The Christian Association of Nigeria (CAN) has called on the Nigerian government to strictly enforce compliance with all COVID-19 safety protocols put in place to limit the spread of the virus.
The president of the association, Samson Ayokunle, made the call during the sensitisation meeting on COVID-19 vaccine introduction for Christian Leaders and Scholars in Abuja on Tuesday.
“I am saying it with everything within me that enforcement is key. We need drastic and tough enforcement of the law,” Mr Ayokunle said.
He said the association endorses the COVID-19 Executive Order signed by President Muhammadu Buhari that makes safety protocols such as mask-wearing and social distancing mandatory across the country.
Mr Ayokunle said lots of Christians have died from coronavirus and it is reckless to say the virus does not exist.
“It is not good to borrow reckless confidence that COVID-19 is not existing. We have seen Christians that have died,” he said.
The cleric appealed to Christians in Nigeria to cooperate with the government to succeed in curtailing the spread of the virus which has claimed millions of lives globally.
The meeting, organised by the National Primary Healthcare Development Agency (NPHCDA), was aimed at sensitizing religious leaders on the need to fully accept the COVID-19 vaccines when they finally arrive in the country.
PREMIUM TIMES reported how the agency recently held a sensitisation programme for Islamic leaders in Nigeria.
With the second wave of coronavirus pandemic spreading fast, countries across the globe are already securing and administering vaccines for their citizens.
Sensitisation is also ongoing amidst fears that many may not accept the vaccine due to doubts of safety, religious beliefs, amongst other factors.
PREMIUM TIMES earlier reported plans by the government to get President Muhammadu Buhari, Vice President Yemi Osinbajo and other dignitaries to take the vaccines on live television when it finally gets to the country.
The Nigerian government said it will receive at least 100,000 doses of the Pfizer and BioNTech approved COVID-19 vaccines by February through COVAX, an initiative run by the vaccine alliance, GAVI, to ensure equitable access to vaccine.
It also said the country is expecting ‘free’ 42 million doses of vaccines in the second phase through the COVAX facility.
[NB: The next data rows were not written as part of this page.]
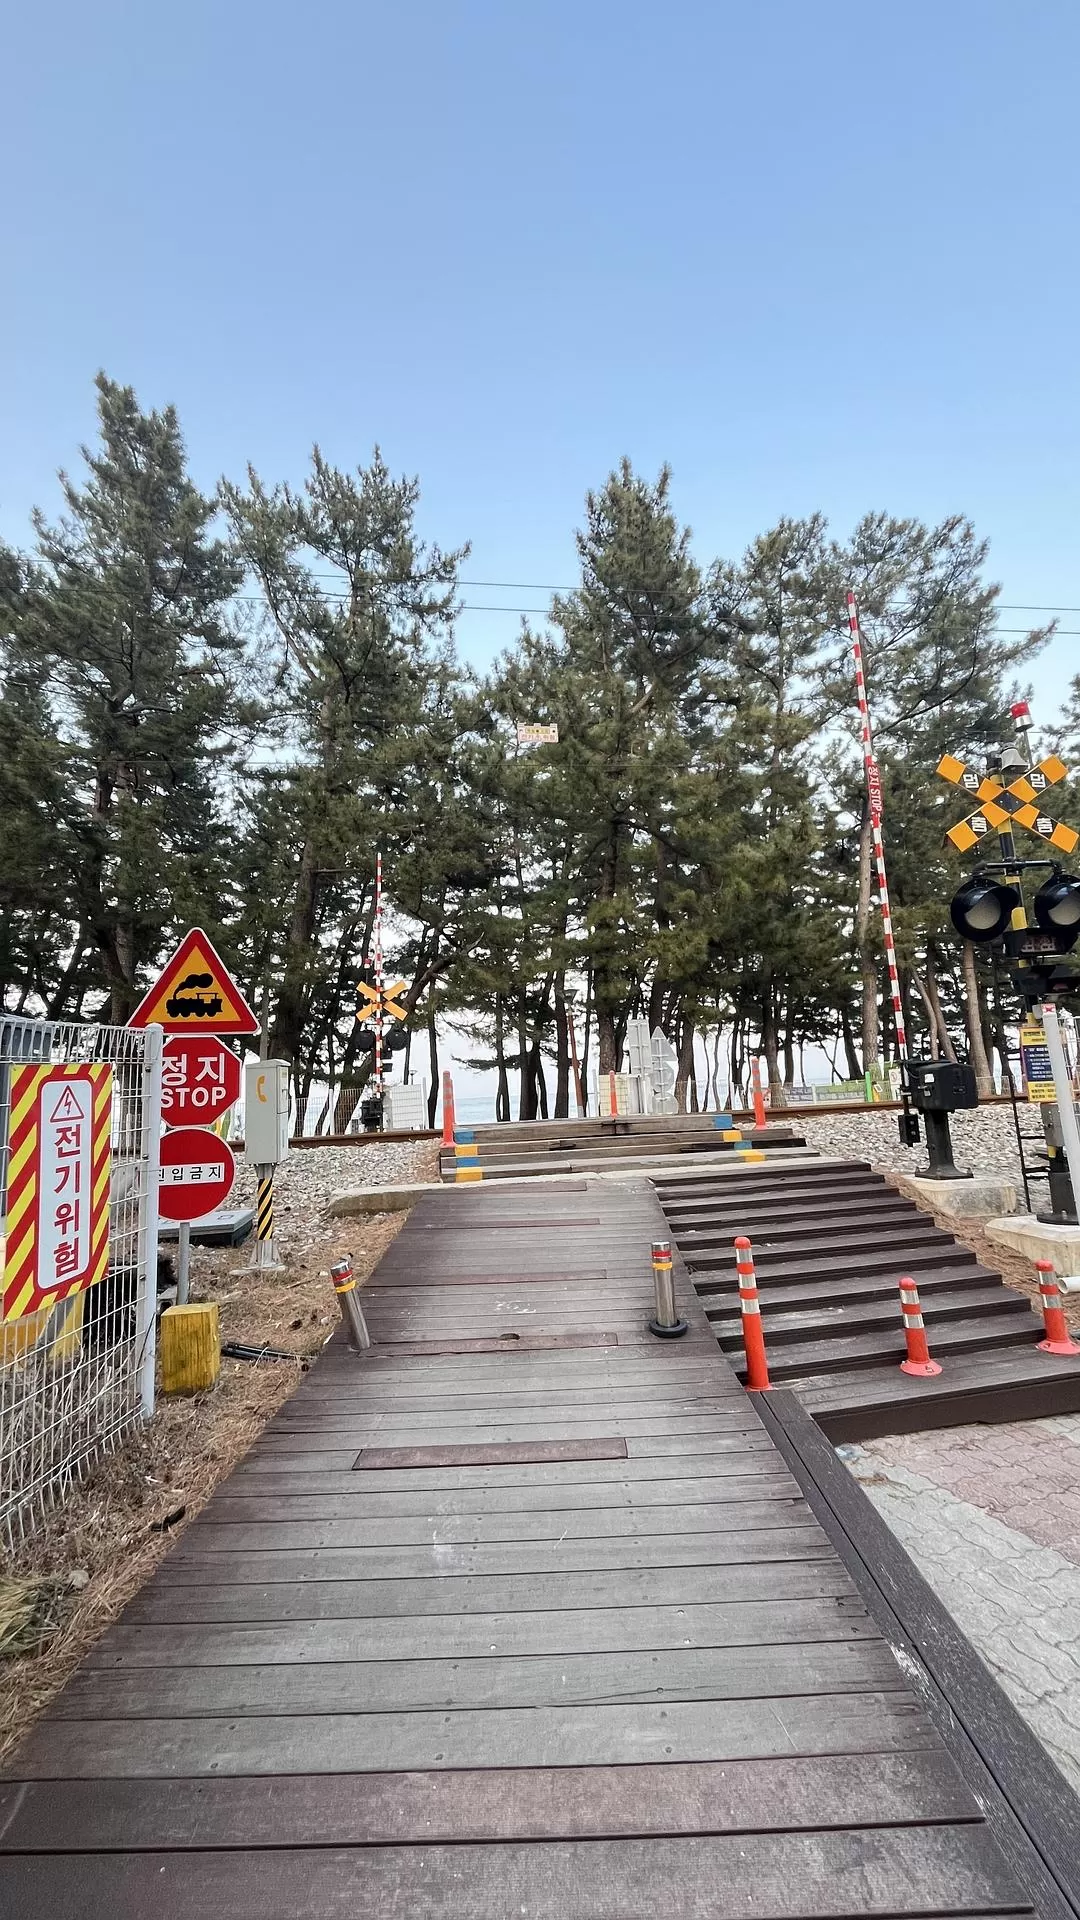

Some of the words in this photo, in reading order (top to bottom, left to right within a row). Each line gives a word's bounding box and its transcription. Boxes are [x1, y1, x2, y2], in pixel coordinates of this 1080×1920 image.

[868, 766, 880, 786] 정지
[963, 773, 979, 789] 멈
[1030, 773, 1046, 788] 멈
[870, 788, 883, 812] STOP
[971, 816, 988, 832] 춤
[1036, 817, 1053, 833] 춤
[162, 1052, 225, 1086] 정지
[161, 1086, 227, 1109] STOP
[53, 1123, 81, 1279] 전기위험
These vaccines will, however, cover only about 20 per cent of Nigeria’s over 200 million estimated population.
Nigeria’s health minister, Osagie Ehanire, recently said efforts are ongoing to secure 10 million more doses of the viral vector vaccines.
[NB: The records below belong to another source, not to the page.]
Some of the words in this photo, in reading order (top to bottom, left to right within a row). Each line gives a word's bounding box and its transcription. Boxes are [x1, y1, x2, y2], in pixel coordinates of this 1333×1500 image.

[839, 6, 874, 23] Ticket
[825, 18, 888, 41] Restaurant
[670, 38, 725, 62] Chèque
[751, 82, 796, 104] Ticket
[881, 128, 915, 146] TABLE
In his remarks, the Secretary to the Government of the Federation (SGF), Boss Mustapha, urged Christian leaders to continue with the high level of compliance to COVID-19 protocols as observed in churches across the country.
He said the virus is no respecter of persons and has affected every group of persons in the society including the religious institution.
“This is why we must come together as one people with one voice to use our influence to promote both the non-pharmaceutical preventive measures and vaccination,” he said.
He said religious rulers are highly revered in the society; hence the need to leverage on this divine influence to instil wisdom in the people.
“Be rest assured the Nigerian Government seeks to protect all her citizens and would do her maximum best to ensure the vaccines provided are safe, verified and tested,” Mr Mustapha said.
The presidency had warned against further violations of the safety protocols to avert fresh lockdown.
In his welcome address, the Executive Director of NPHCDA, Faisal Shuaib, noted that evidence from previous vaccinations shows that faith leaders play a critical role in vaccine rollout.
According to him “they work in communities to involve them in the process, ensuring that they are distributed fairly and fully accepted.”
Mr Shuaib, however, urged religious leaders to challenge inaccurate and harmful messages that could threaten the effective public health response to the pandemic.